High-flow Nasal Cannulae

High-flow nasal cannulae (HFNC) have slightly larger prongs that facilitate oxygen flow of up to 60 L/min leading to less air entrainment effect than with other oxygen delivery systems.5,6 HFNC generate low levels of end-expiratory pressure and can therefore reduce tachypnoea and work of breathing.7,8 The high gas flow may flush CO2 from the anatomical dead space preventing CO2 rebreathing and thereby decreasing PaCO2, although this is not well supported by the literature.9,10 These systems are also generally well-tolerated by the patient, but must be used with heated humidification to avoid drying the respiratory mucosa.8 HFNC are now used more frequently in clinical practice to avoid more invasive therapies but there is limited high-quality evidence on their use in adults.

Airway Support

The most common cause of partial airway obstruction in an unconscious patient is loss of oropharyngeal muscle tone, particularly of the tongue. This may be alleviated by tilting their head slightly back and lifting the chin, or thrusting the jaw forward. The head-tilt/chin-lift manoeuvre is not used if cervical spine injury is suspected.15 The jaw-thrust manoeuvre may require two hands to maintain.16 If more prolonged support is required, an oro- or nasopharyngeal airway can be used that may also facilitate bag–mask ventilation.

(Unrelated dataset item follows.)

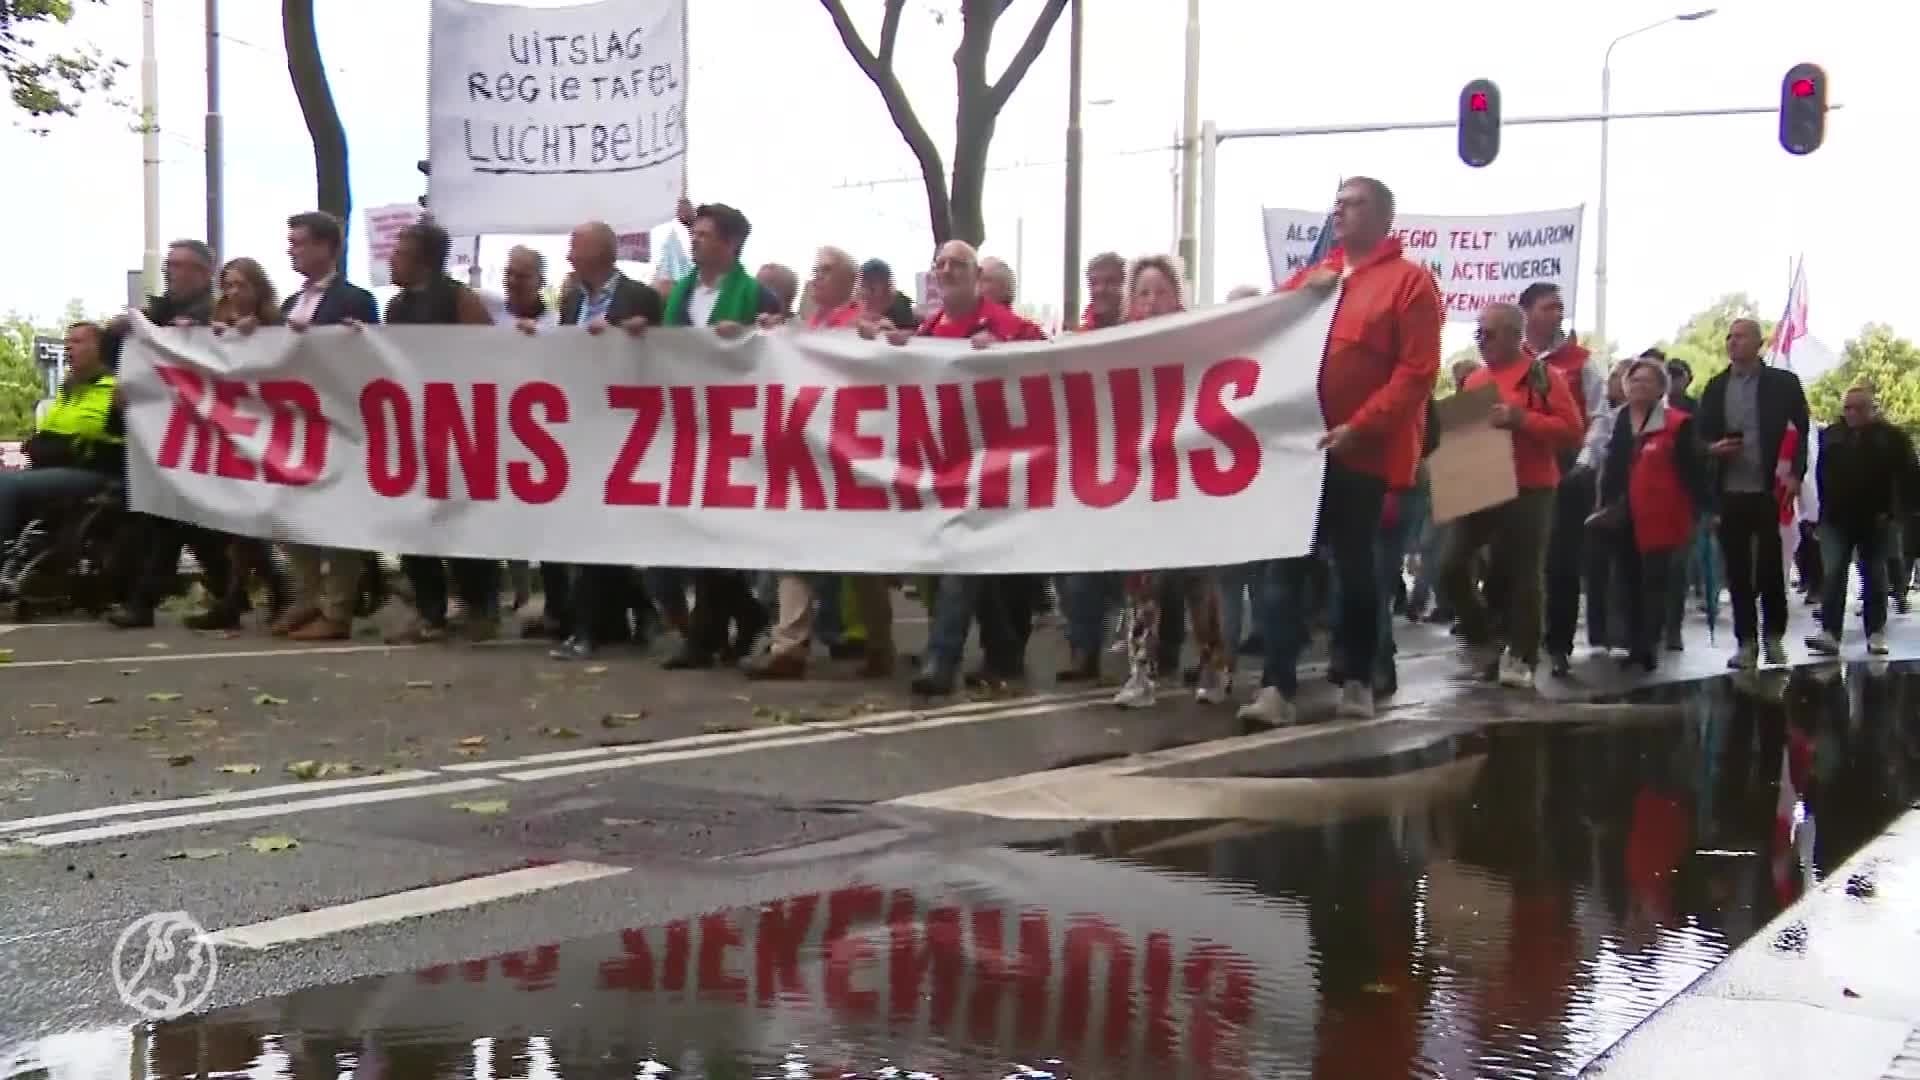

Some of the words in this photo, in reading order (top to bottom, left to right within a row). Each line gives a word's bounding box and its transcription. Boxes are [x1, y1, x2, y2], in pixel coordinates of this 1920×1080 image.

Oro- and Nasopharyngeal Airways

The Guedel oropharyngeal airway is available in various sizes (a medium-sized adult requires a size 4). The airway is inserted into the patient’s mouth past the teeth, with the end facing up into the hard palate, then rotated 180 degrees, taking care to bring the tongue forward and not push it back. Oropharyngeal airways are poorly tolerated in conscious patients and may cause gagging and vomiting.14

A nasopharyngeal airway (see Figure 15.1) is inserted through the nares into the oropharynx; it can be difficult to insert and require generous lubrication to minimise trauma. This type of airway should not be used for patients with a suspected head injury. As well as opening the airway, suction catheters can be passed to facilitate secretion clearance. Once inserted these airways are better tolerated than an oropharyngeal airway.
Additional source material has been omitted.